Control: System Dashboard: To provide elements that allow the monitoring and control of the developed vApps.
Virtual Factory Platform is a holistic service platform, which is the foundation for all services and end user applications that vf-OS will provide. vf-P encapsulates and acts as the interface and runtime environment between the components, connectors, OAK functions, marketplace, the service framework (supporting the running of intrinsic services and vApps) and the end user applications/developers. The vf-P can run locally and in Cloud environments.
Virtual Factory Manufacturing Application Store offers fundamental services of a modern e-Commerce platform for consumer and developers. First, vf-Store enables software developers to offer assets (demanded or initiative), and second, users can search for, obtain and rate existing vApps. Furthermore, the vf-Store acts as a mediator between developers and users. Therefore, the vf-Store is the central point for developers to get in contact with users. In addition to view/set ratings, review, and provide technical information about the asset's behaviour, the vf-Store supports users to get in contact with developers to offer ideas for new assets.
It is important to define the purpose of the vf-Platform to set up the scenery where this environment is being developed:
vf-OS Platform: Execution Environment: The primary role of the platform is to provide a uniform, controlled environment for the execution of vApps and the underlying micro-services
vf-OS Platform: Portal: The platform's portal provides a single point of access for users, customers, and developers, to access the various resources, applications, etc
Marketplace Services: Marketplace: Distribution of applications is supported by the vf-Store marketplace, through which developers can sell their applications and services to users
I/O Toolkit: External Services Provisioning: To support integration with external (data) services, WP7 provides an External Services Provisioning framework. The primary purpose of this framework is to integrate external services into the communication and security realm of the vf-OS system.

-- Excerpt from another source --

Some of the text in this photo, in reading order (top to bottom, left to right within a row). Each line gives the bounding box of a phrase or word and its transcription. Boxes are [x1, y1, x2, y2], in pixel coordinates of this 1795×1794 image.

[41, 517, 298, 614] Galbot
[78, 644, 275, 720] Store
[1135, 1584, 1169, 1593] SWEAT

vf-OS Smart Manufacturing Applications: vApps
Virtual Factory Manufacturing Smart Application is a vf-OS application, whose aim is to enable and optimise communication and collaboration among supply networks across all manufacturing sectors and in all the stages of manufacturing and logistic processes: demand forecast, planning, supply, manufacturing, distribution, storage, replacement, and recycling.

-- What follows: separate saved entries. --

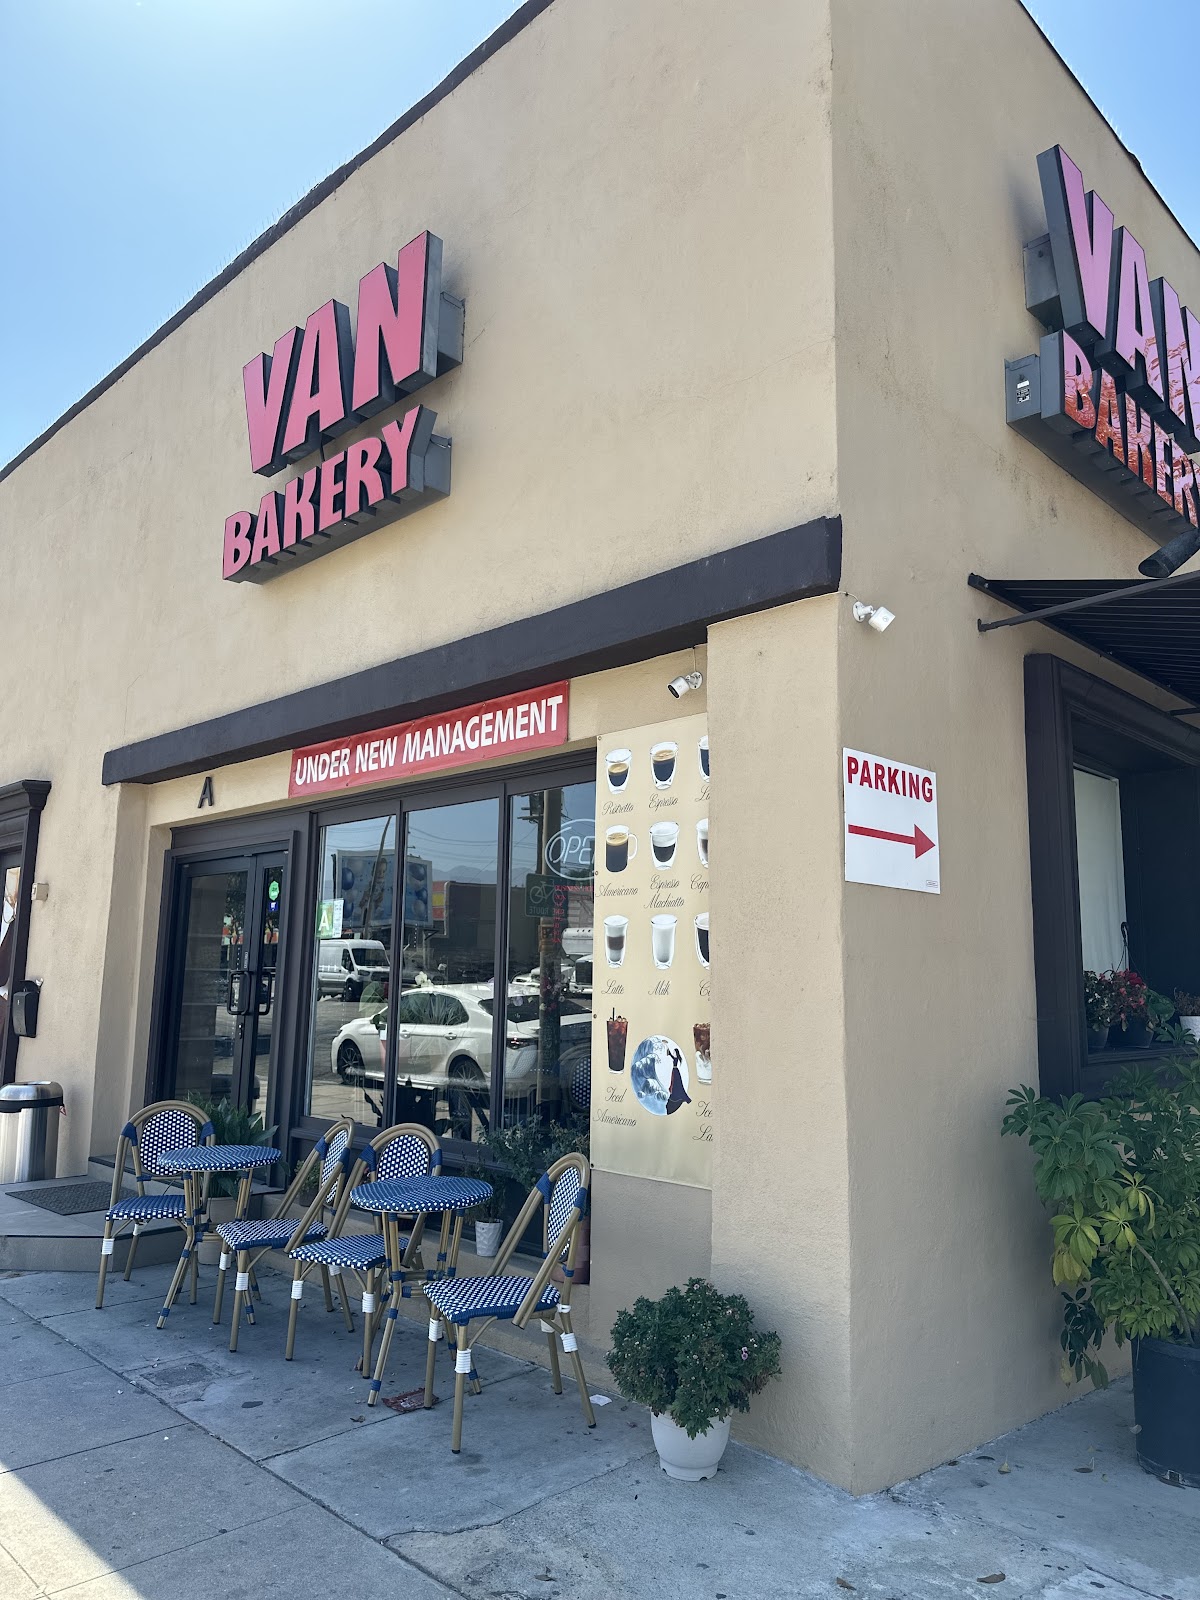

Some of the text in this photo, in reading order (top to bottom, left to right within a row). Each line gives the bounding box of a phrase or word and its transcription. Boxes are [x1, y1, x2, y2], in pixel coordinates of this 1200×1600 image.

[1058, 144, 1200, 434] VAN
[243, 230, 428, 474] VAN
[1063, 330, 1200, 529] BAKER
[223, 404, 422, 580] BAKERY
[294, 695, 563, 786] UNDER NEW MANAGEMENT
[847, 756, 933, 803] PARKING
[197, 776, 214, 809] A
[649, 793, 679, 812] Espresso
[602, 801, 634, 815] Ristretto
[550, 836, 595, 864] OPE
[595, 883, 639, 898] Americano
[650, 874, 680, 893] Espresso
[318, 910, 330, 931] A
[601, 979, 625, 995] Latte
[648, 980, 671, 996] Milk
[605, 1086, 627, 1103] Iced
[592, 1108, 637, 1127] Americano

Like in the mobile environment, for downloading and executing any application valid for the manufacturing domain, there is a need to have installed within the premises of the factory (or have accessible) an instance of the vf-OS Platform, since it is the main component for executing the vf-OS environment.

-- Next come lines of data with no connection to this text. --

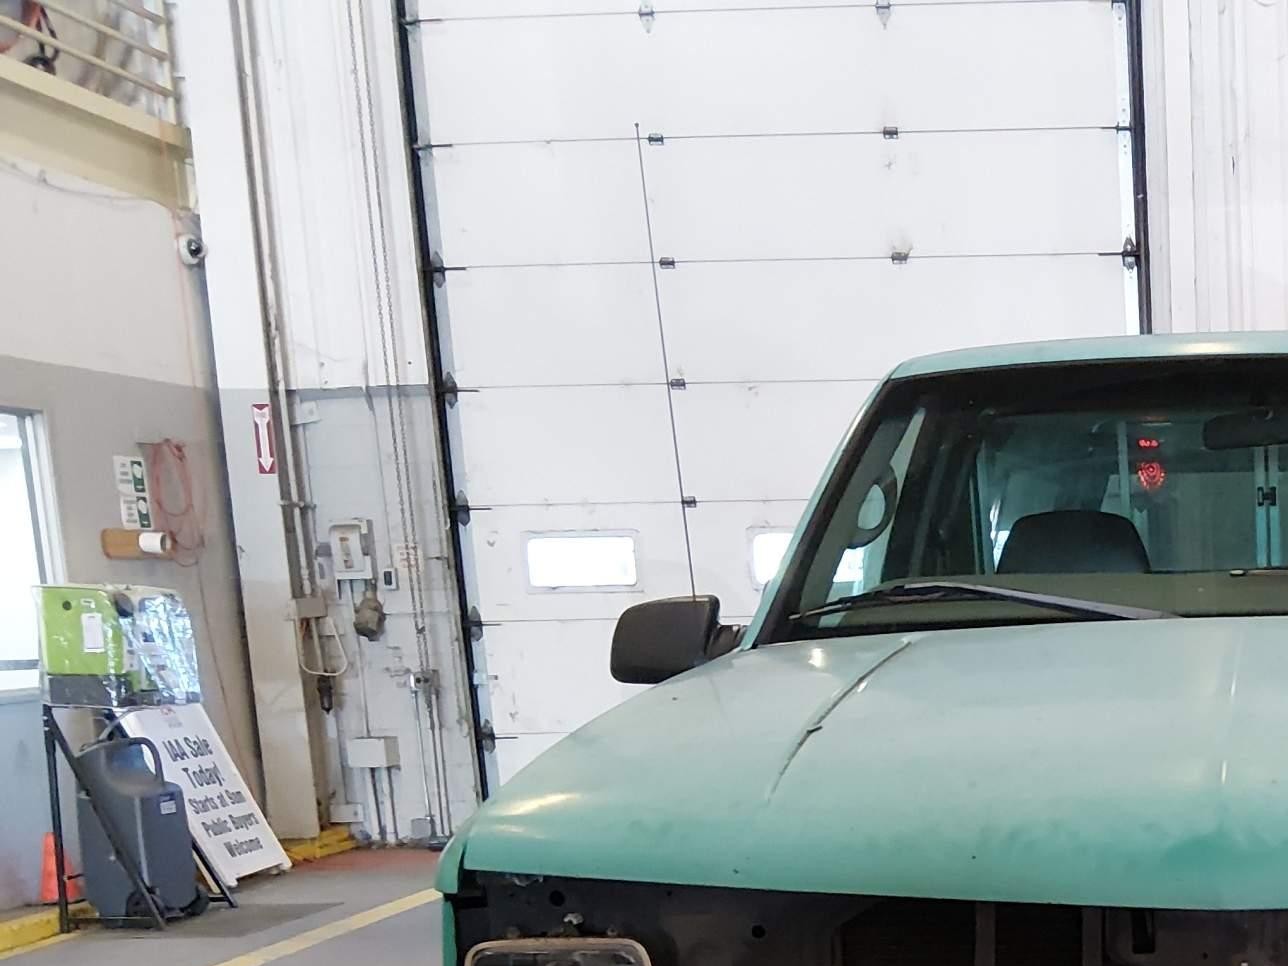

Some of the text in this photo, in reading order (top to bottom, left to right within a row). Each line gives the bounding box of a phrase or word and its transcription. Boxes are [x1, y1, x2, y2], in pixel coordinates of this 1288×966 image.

[163, 734, 214, 762] IAA Sale
[182, 762, 226, 788] Today!
[188, 795, 219, 815] Starts
[217, 792, 229, 808] at
[201, 816, 232, 838] Public
[223, 836, 264, 858] Welcome

As such, the first action to be carried out in every manufacturing environment is to download and deploy the vf-OS Platform within the factory premises.
Platform Environment Description
The vf-OS Platform is formed by microservices running in docker containers. Each microservice has its own purpose, which is described below.
Figure 3: Overview of the Platform Services
The platform is running inside a Docker host installation, managed by a Docker container having Docker-Compose. This central container is called the Execution-control service. This service is normally not directly accessed, but called by the execution-manager, described below.
This microservice is responsible for managing the ecosystem of the vf-OS Platform. It interacts with the execution-control service to execute docker commands, configure settings and get information from it. Running vAssets can interact with execution manager through REST API's to perform certain asset maintenance tasks, like start, stop, and removal of assets.
The reverse-proxy is a microservice that runs Træfik. Træfik is a modern HTTP reverse proxy and load balancer that makes deploying microservices easy.
It is through this microservice that vAssets can exchange/request information between each other and/or have access to other resources outside of the vf-OS Platform. For any communication coming from outside of the vf-OS Platform must pass first through this microservice. As such, this microservice forms the SCC module (Security Contact Center), providing the security checks for all inter-asset communication.
The AIM service provides identity and access management. For this purpose, vf-OS is using the open source software KeyCloak as a modern off-the-shelf solution for managing user access and permissions and it provides a full featured Single-Sign-On environment.
Through the KeyCloak administration interface it is possible to manage users and groups for vf-OS.
The deployment of microservice forms (together with the registry) the asset installation setup. It gets the distributed vApp from the Marketplace, unpacks it, checks the meta-info, and then pushes it to the local registry module. An important part of the meta-info checks is performed for the security design of vf-OS.
The local registry service consists of an off-the-shelf Docker Registry, used to provide valid vf-OS assets to the execution services. As such it forms the Quarantine module as defined in the Security design for vf-OS.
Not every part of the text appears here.